*Exercise directions*.
Every entry below should be copied exactly, minus the pictures.

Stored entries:
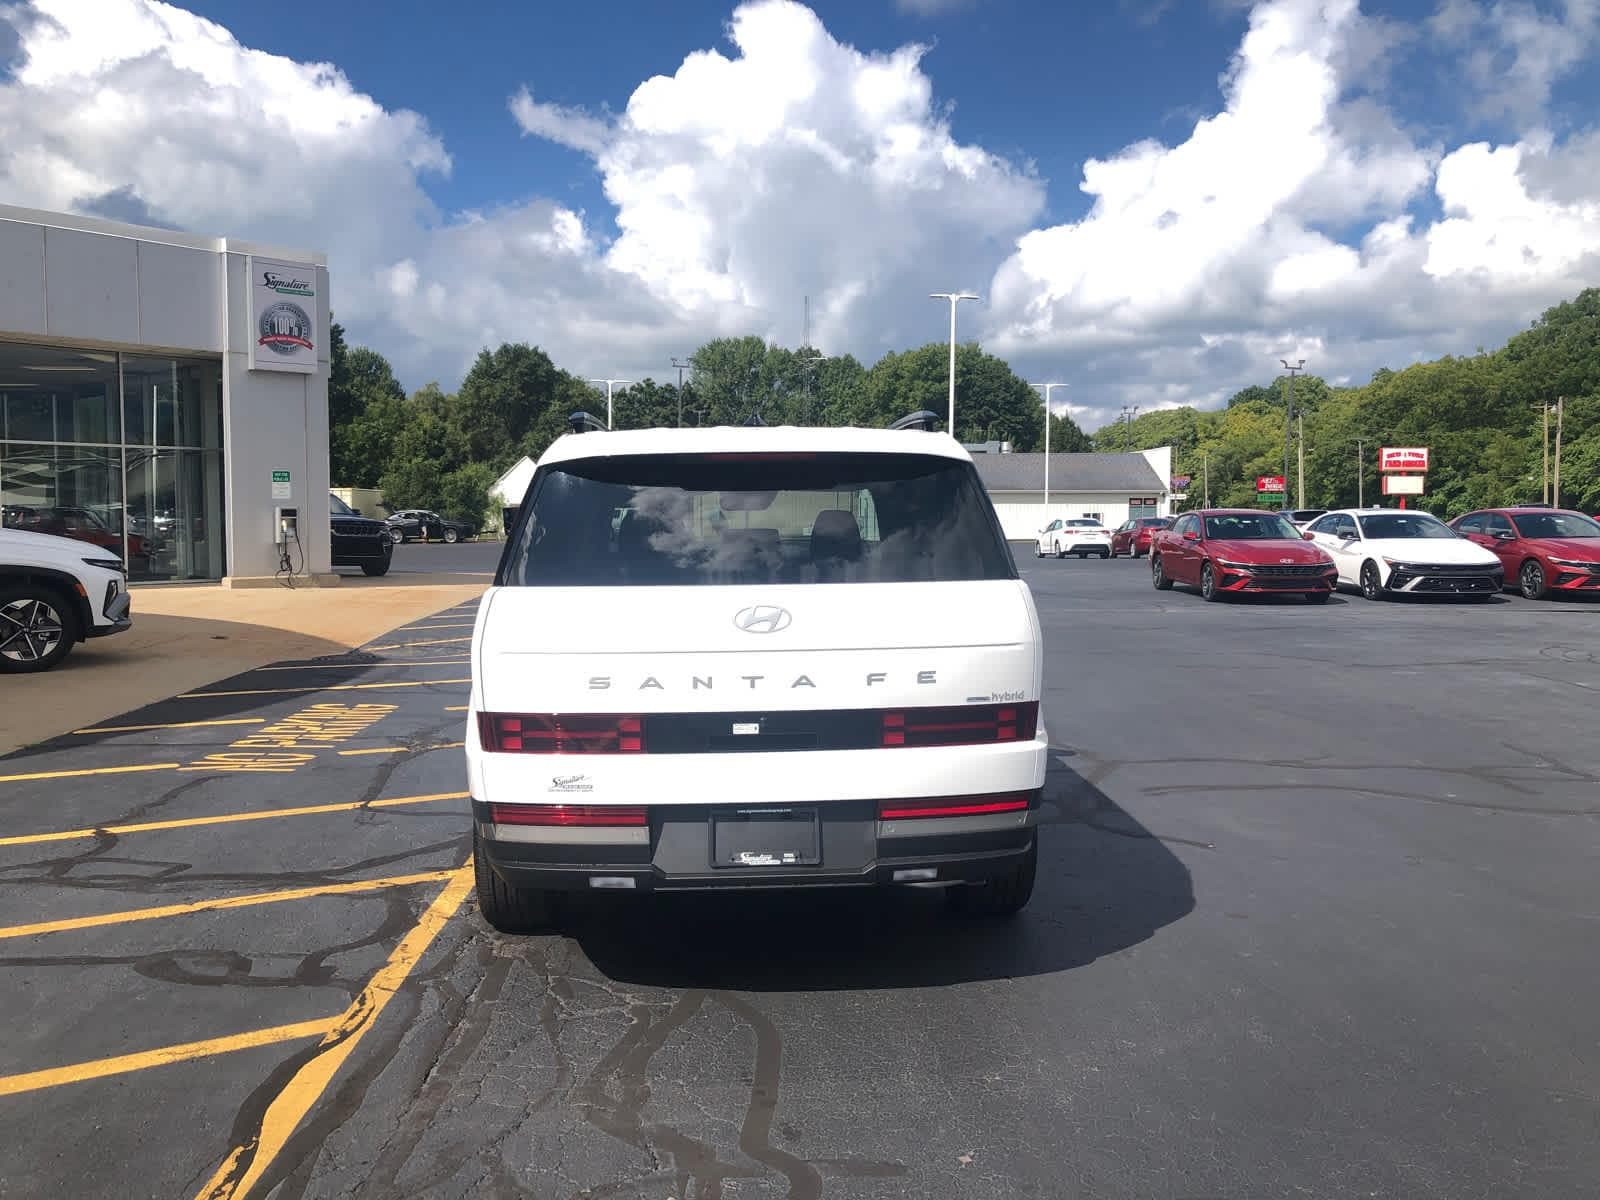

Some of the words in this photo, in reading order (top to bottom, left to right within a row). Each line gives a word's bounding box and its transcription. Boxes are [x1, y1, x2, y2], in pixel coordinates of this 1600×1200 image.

[263, 271, 310, 290] Signature
[273, 317, 299, 337] 100%
[588, 674, 817, 690] SANTA
[866, 670, 937, 687] FE
[991, 690, 1025, 703] hybrid
[227, 703, 400, 749] PARKING
[176, 752, 318, 772] NO
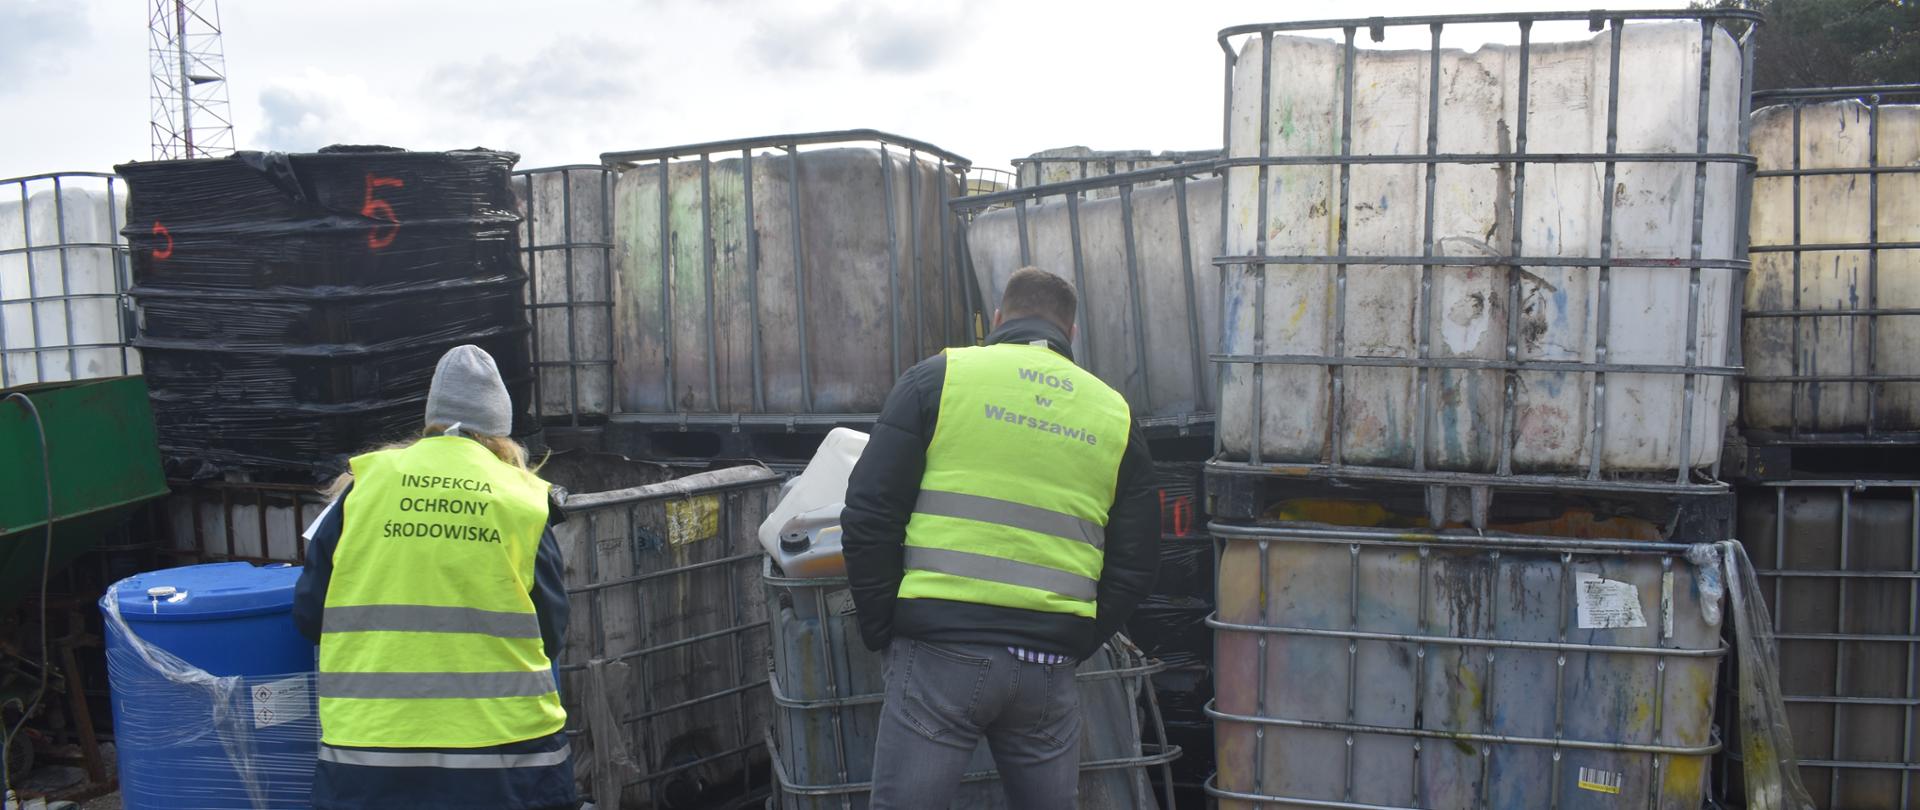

*Your response*.
Some of the words in this photo, in reading order (top to bottom, left to right within a row). Each line gives a word's bounding box and its transcription. Boxes are [x1, y1, x2, y2], in pixel coordinates of this 1600×1200 image.

[263, 271, 310, 290] Signature
[273, 317, 299, 337] 100%
[588, 674, 817, 690] SANTA
[866, 670, 937, 687] FE
[991, 690, 1025, 703] hybrid
[227, 703, 400, 749] PARKING
[176, 752, 318, 772] NO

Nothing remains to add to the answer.